• [Supplied entries]
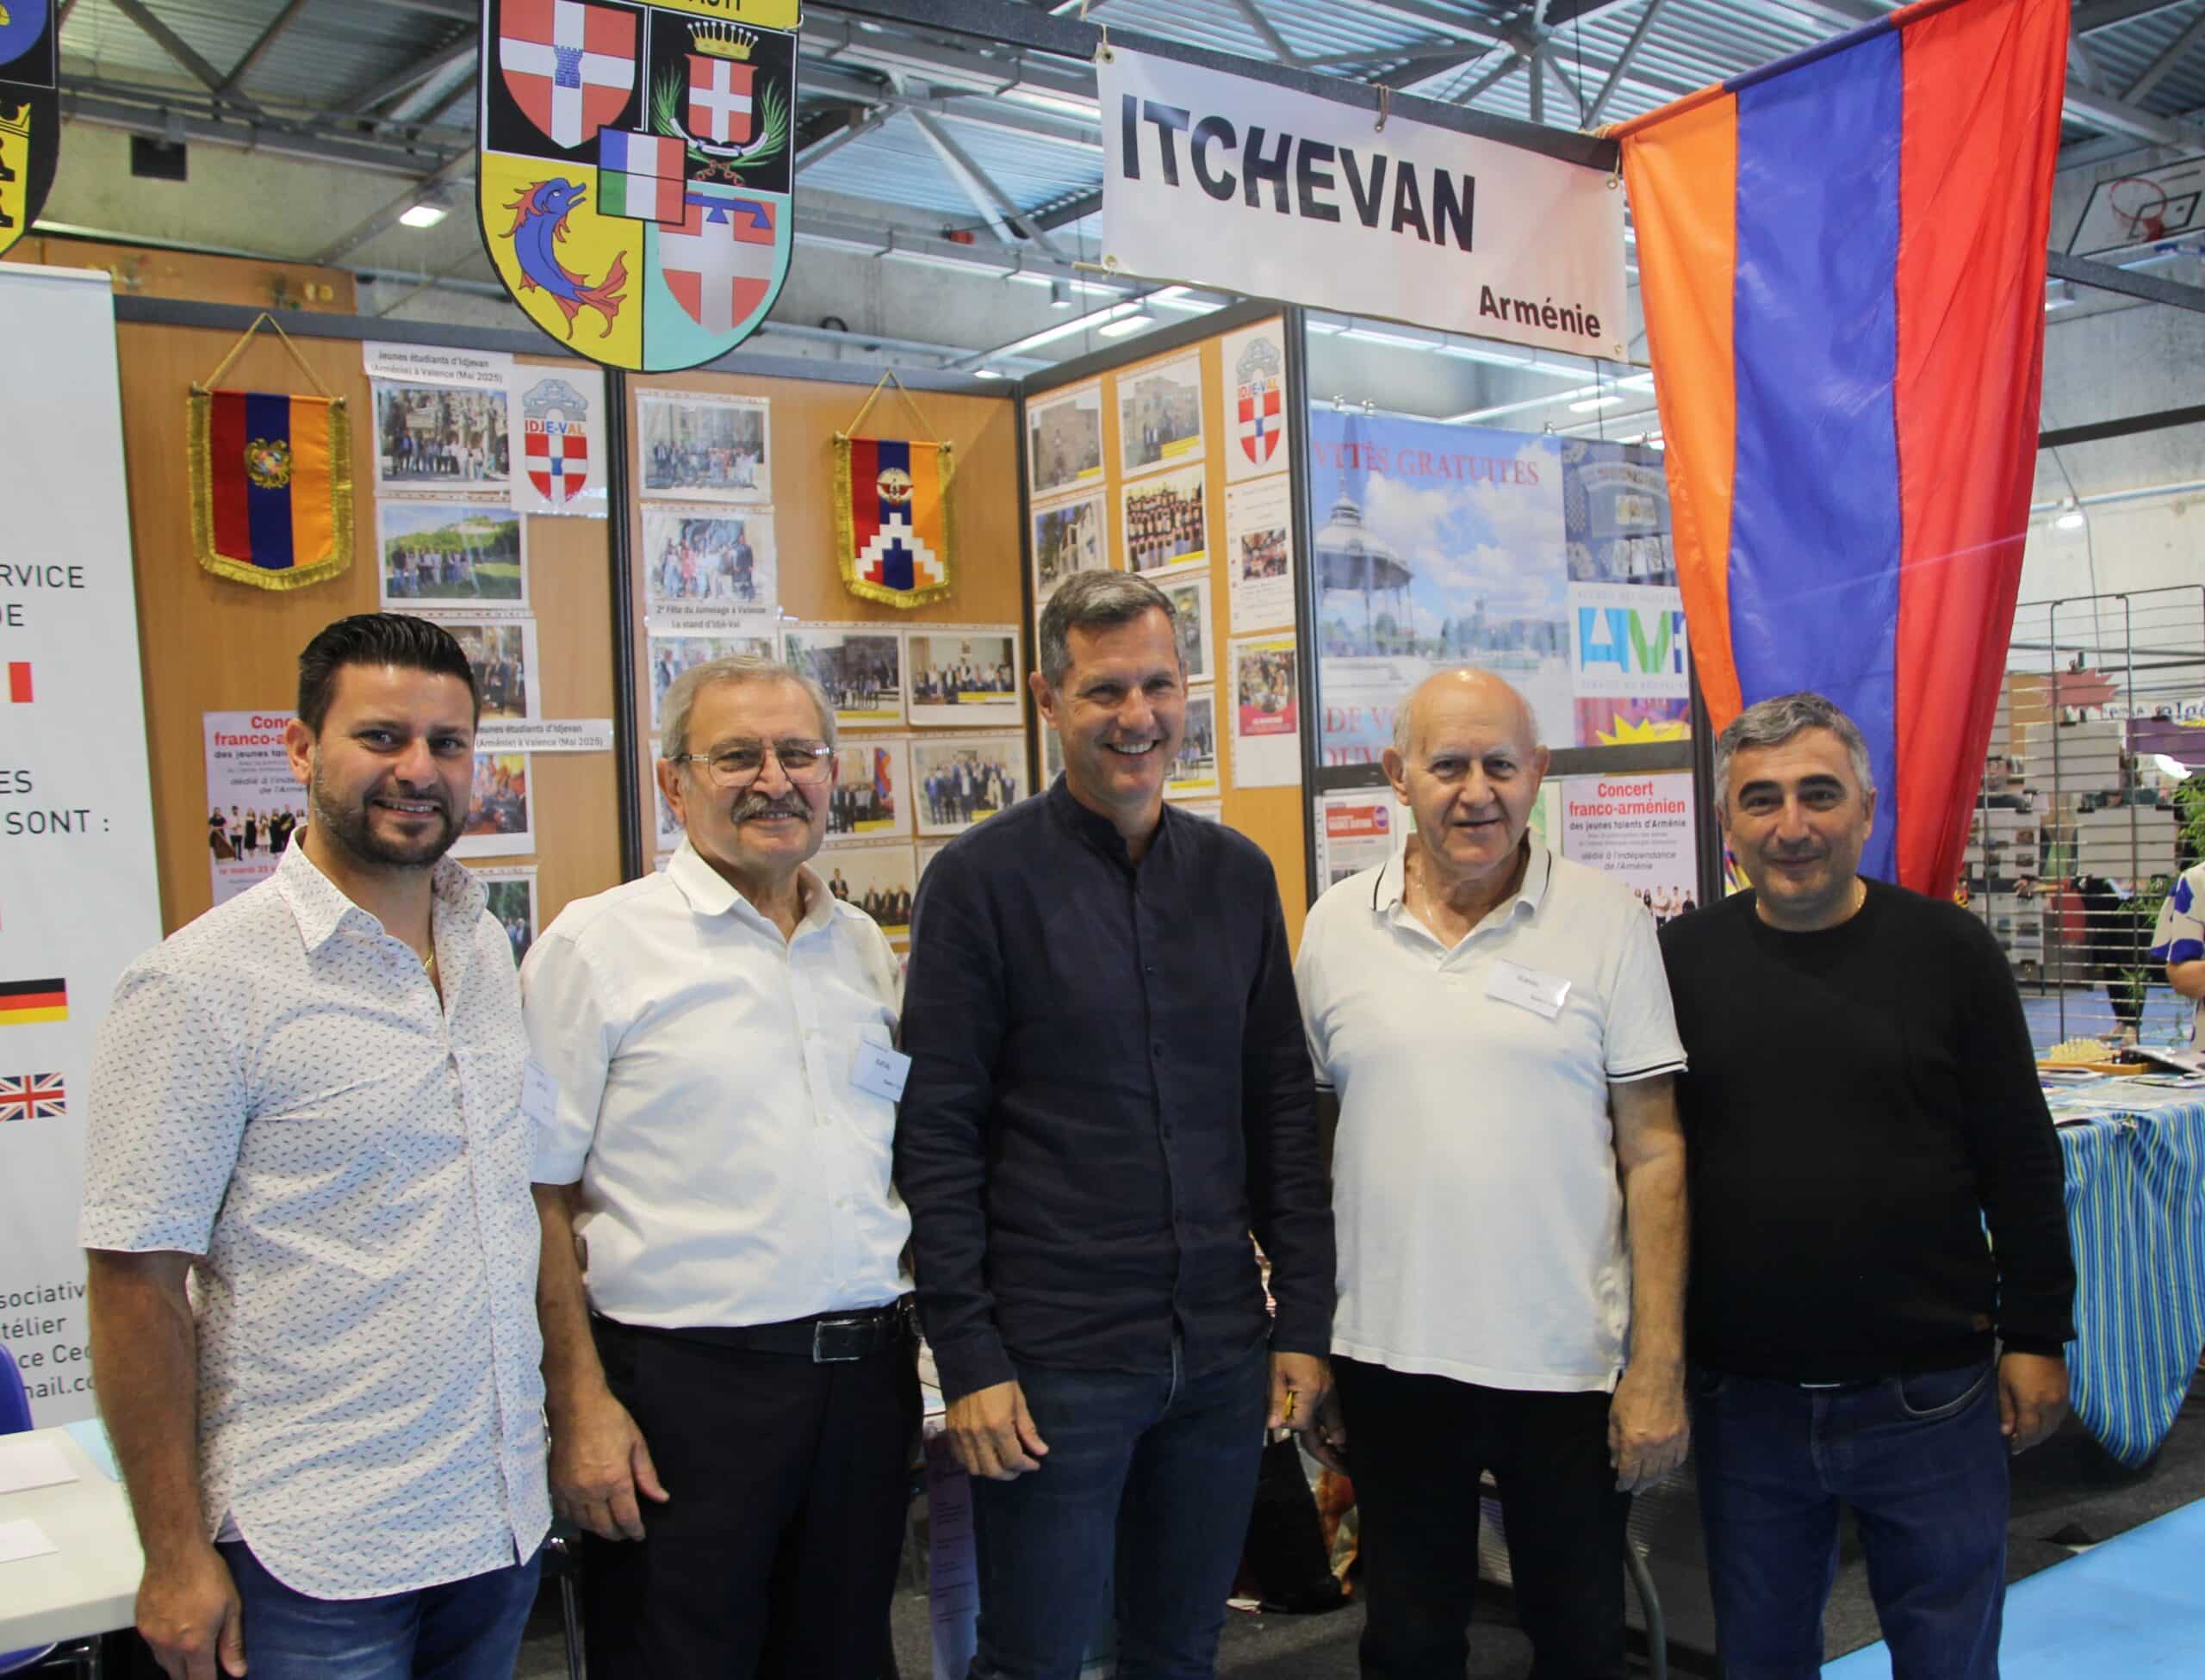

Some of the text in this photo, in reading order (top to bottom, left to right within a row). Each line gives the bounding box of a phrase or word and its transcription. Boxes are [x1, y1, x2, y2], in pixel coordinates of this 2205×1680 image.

[1121, 94, 1476, 253] ITCHEVAN
[1479, 285, 1601, 338] Arménie
[1396, 448, 1540, 487] GRATUITES
[0, 564, 85, 588] RVICE
[0, 604, 24, 626] E
[1324, 706, 1365, 733] DE
[1598, 781, 1655, 797] Concert
[1568, 797, 1686, 817] franco-arménien
[6, 810, 90, 835] SONT
[1569, 821, 1584, 830] des
[1585, 821, 1612, 832] jeunes
[2, 1317, 67, 1339] télier
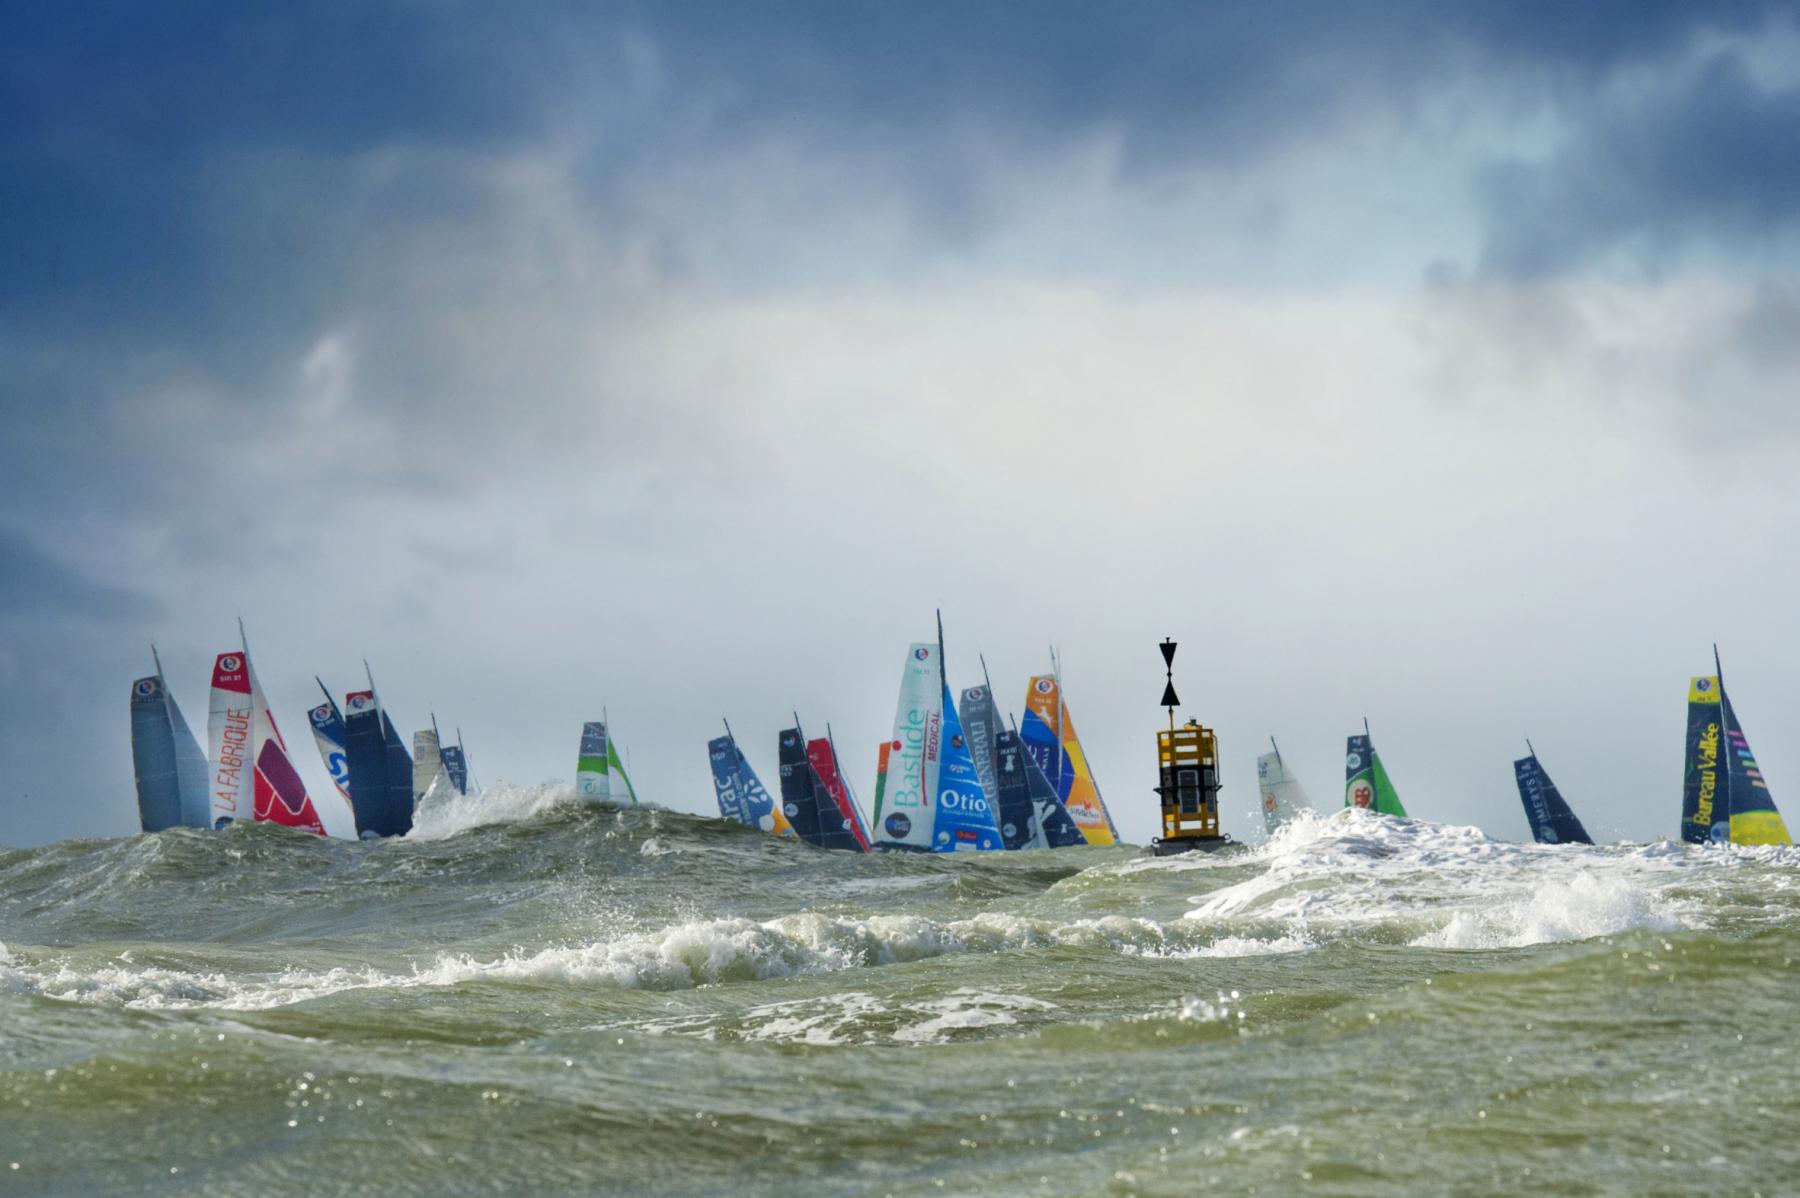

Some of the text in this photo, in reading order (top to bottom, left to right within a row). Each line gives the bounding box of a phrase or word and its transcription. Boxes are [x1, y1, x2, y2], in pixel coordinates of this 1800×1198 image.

[217, 708, 251, 788] FABRIQUE
[892, 708, 925, 808] Bastide
[927, 711, 940, 763] MÉDICAL
[971, 722, 996, 798] GENERALI
[1697, 722, 1720, 772] Vallée
[214, 790, 237, 813] LA
[940, 789, 987, 812] Otio
[1693, 769, 1717, 826] Bureau
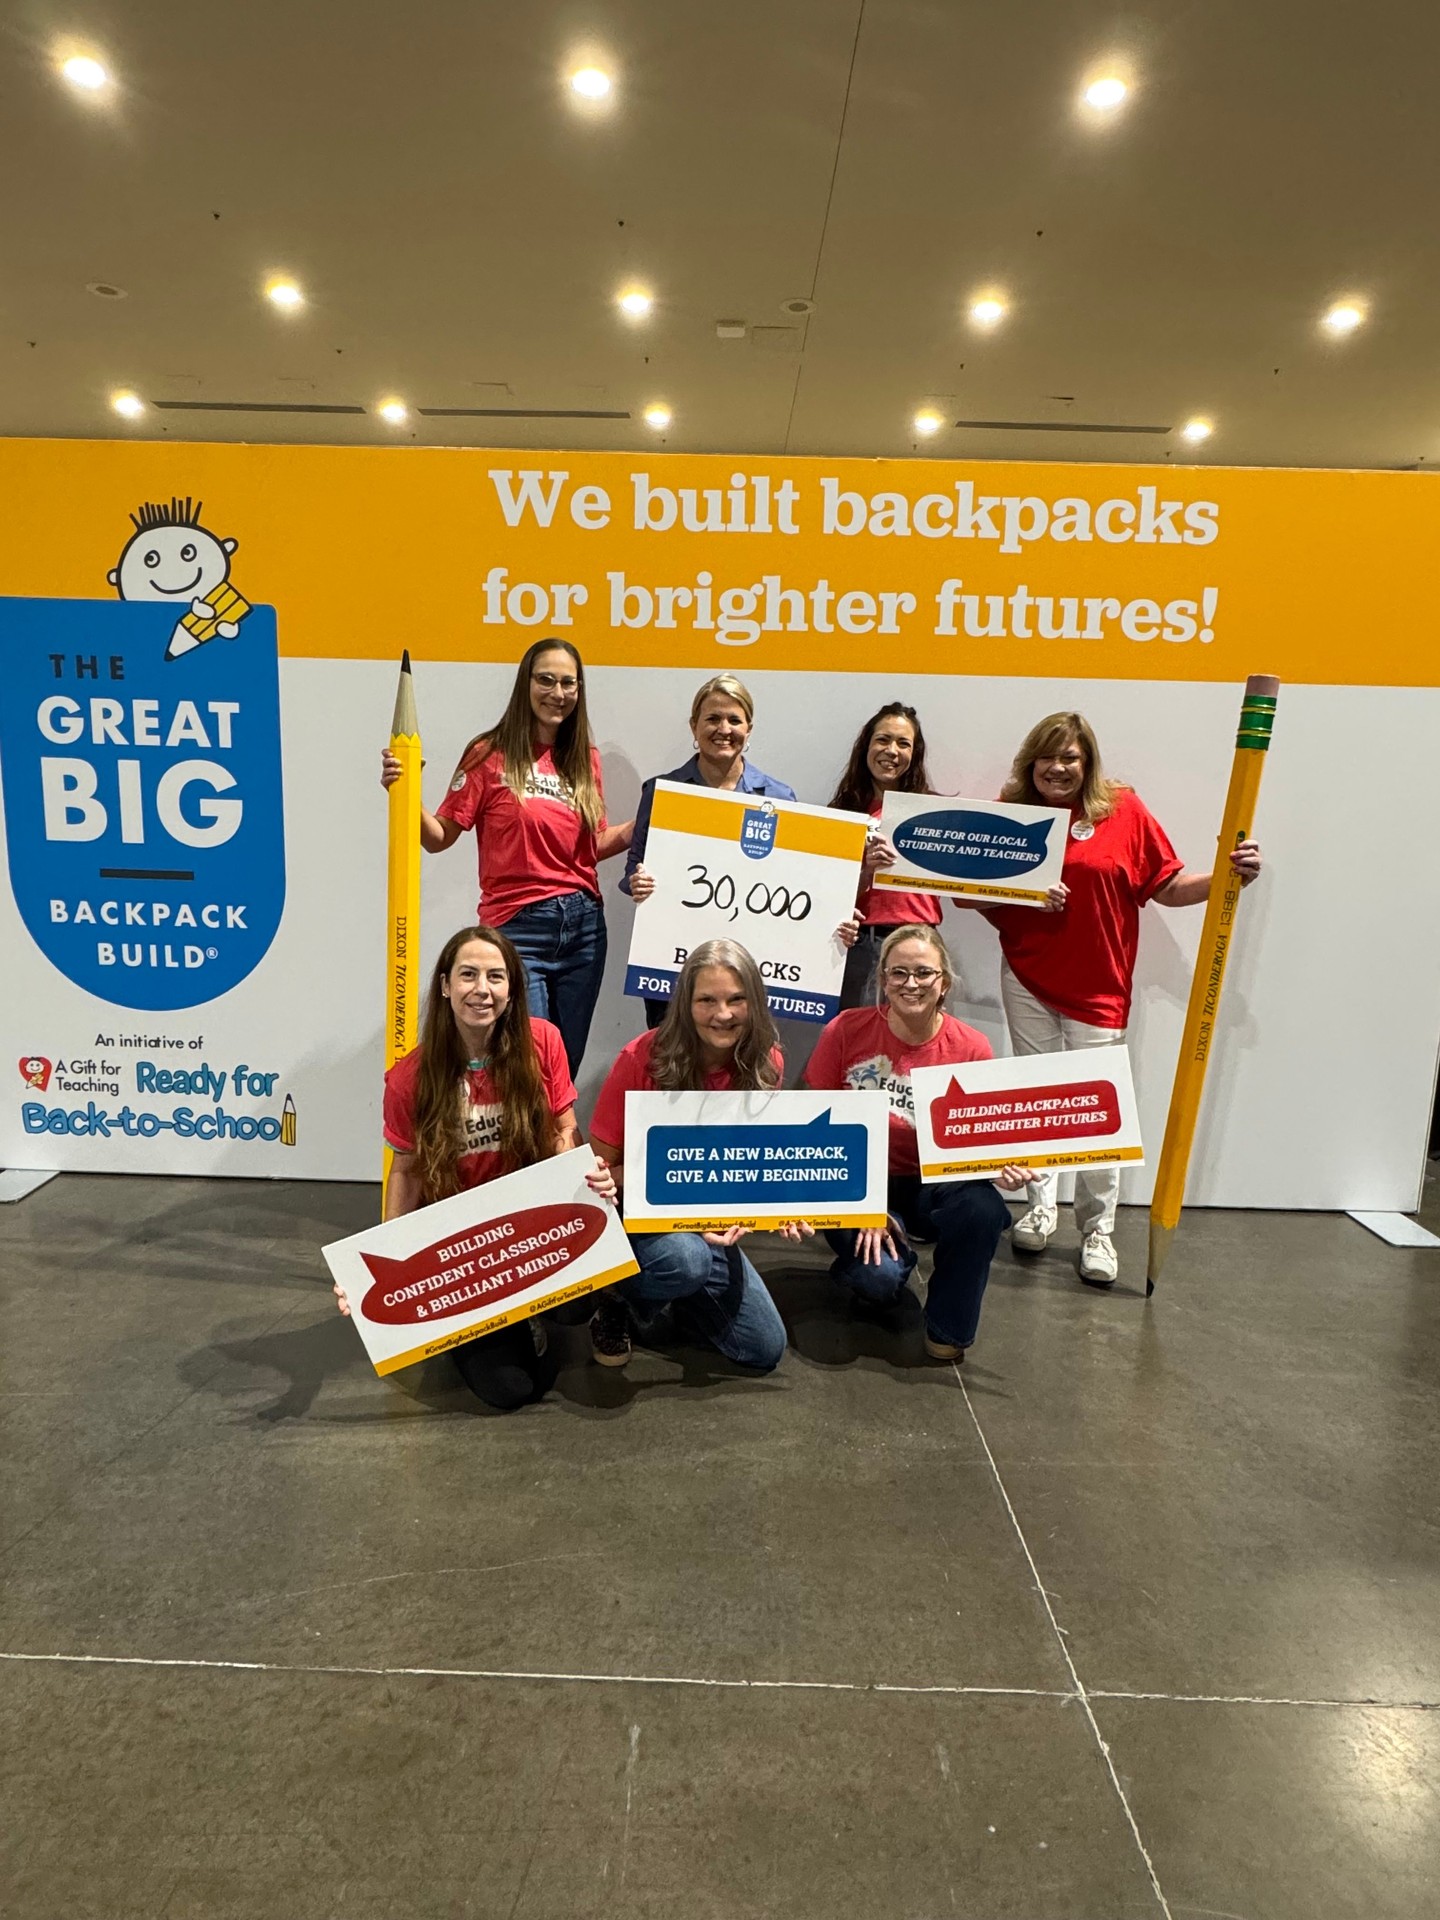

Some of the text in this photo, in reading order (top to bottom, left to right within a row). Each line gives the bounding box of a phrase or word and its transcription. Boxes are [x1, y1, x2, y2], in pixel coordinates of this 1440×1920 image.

[487, 469, 1220, 554] We built backpacks
[481, 566, 1219, 646] for brighter futures!
[49, 653, 125, 681] THE
[37, 695, 240, 749] GREAT
[40, 756, 244, 849] BIG
[745, 827, 771, 841] BIG
[747, 820, 772, 830] GREAT
[912, 826, 1028, 847] HERE FOR OUR LOCAL
[898, 839, 1041, 863] STUDENTS AND TEACHERS
[681, 864, 812, 922] 30,000
[49, 899, 248, 930] BACKPACK
[396, 916, 407, 959] DIXON
[637, 976, 671, 994] FOR
[1195, 1021, 1211, 1061] DIXON
[1203, 935, 1227, 1017] TICONDEROGA
[95, 1034, 204, 1050] An initiative of
[55, 1060, 122, 1076] A Gift for
[135, 1061, 280, 1102] Ready for
[56, 1077, 120, 1097] Teaching
[947, 1094, 1100, 1120] BUILDING BACKPACKS
[944, 1110, 1108, 1137] FOR BRIGHTER FUTURES
[667, 1146, 848, 1162] GIVE A NEW BACKPACK,
[1087, 1152, 1121, 1163] Teaching
[666, 1168, 849, 1183] GIVE A NEW BEGINNING
[436, 1222, 516, 1263] BUILDING
[383, 1218, 585, 1308] CONFIDENT CLASSROOMS
[416, 1247, 571, 1318] & BRILLIANT MINDS

• [Task directions]
Each line above should be output exactly, apart from the pictures.

• [Answer to this problem]
Some of the text in this photo, in reading order (top to bottom, left to right within a row). Each line gives the bounding box of a phrase or word and its transcription. Boxes are [x1, y1, x2, y2], in pixel coordinates of this 2205×1680 image.

[1121, 94, 1476, 253] ITCHEVAN
[1479, 285, 1601, 338] Arménie
[1396, 448, 1540, 487] GRATUITES
[0, 564, 85, 588] RVICE
[0, 604, 24, 626] E
[1324, 706, 1365, 733] DE
[1598, 781, 1655, 797] Concert
[1568, 797, 1686, 817] franco-arménien
[6, 810, 90, 835] SONT
[1569, 821, 1584, 830] des
[1585, 821, 1612, 832] jeunes
[2, 1317, 67, 1339] télier

Some of the text in this photo, in reading order (top to bottom, left to right within a row). Each line gives the bounding box of a phrase or word and its transcription. Boxes are [x1, y1, x2, y2], in pixel coordinates of this 1800×1198 image.

[217, 708, 251, 788] FABRIQUE
[892, 708, 925, 808] Bastide
[927, 711, 940, 763] MÉDICAL
[971, 722, 996, 798] GENERALI
[1697, 722, 1720, 772] Vallée
[214, 790, 237, 813] LA
[940, 789, 987, 812] Otio
[1693, 769, 1717, 826] Bureau

Some of the text in this photo, in reading order (top to bottom, left to right within a row). Each line gives the bounding box of a phrase or word and its transcription. Boxes are [x1, y1, x2, y2], in pixel coordinates of this 1440×1920 image.

[487, 469, 1220, 554] We built backpacks
[481, 566, 1219, 646] for brighter futures!
[49, 653, 125, 681] THE
[37, 695, 240, 749] GREAT
[40, 756, 244, 849] BIG
[745, 827, 771, 841] BIG
[747, 820, 772, 830] GREAT
[912, 826, 1028, 847] HERE FOR OUR LOCAL
[898, 839, 1041, 863] STUDENTS AND TEACHERS
[681, 864, 812, 922] 30,000
[49, 899, 248, 930] BACKPACK
[396, 916, 407, 959] DIXON
[637, 976, 671, 994] FOR
[1195, 1021, 1211, 1061] DIXON
[1203, 935, 1227, 1017] TICONDEROGA
[95, 1034, 204, 1050] An initiative of
[55, 1060, 122, 1076] A Gift for
[135, 1061, 280, 1102] Ready for
[56, 1077, 120, 1097] Teaching
[947, 1094, 1100, 1120] BUILDING BACKPACKS
[944, 1110, 1108, 1137] FOR BRIGHTER FUTURES
[667, 1146, 848, 1162] GIVE A NEW BACKPACK,
[1087, 1152, 1121, 1163] Teaching
[666, 1168, 849, 1183] GIVE A NEW BEGINNING
[436, 1222, 516, 1263] BUILDING
[383, 1218, 585, 1308] CONFIDENT CLASSROOMS
[416, 1247, 571, 1318] & BRILLIANT MINDS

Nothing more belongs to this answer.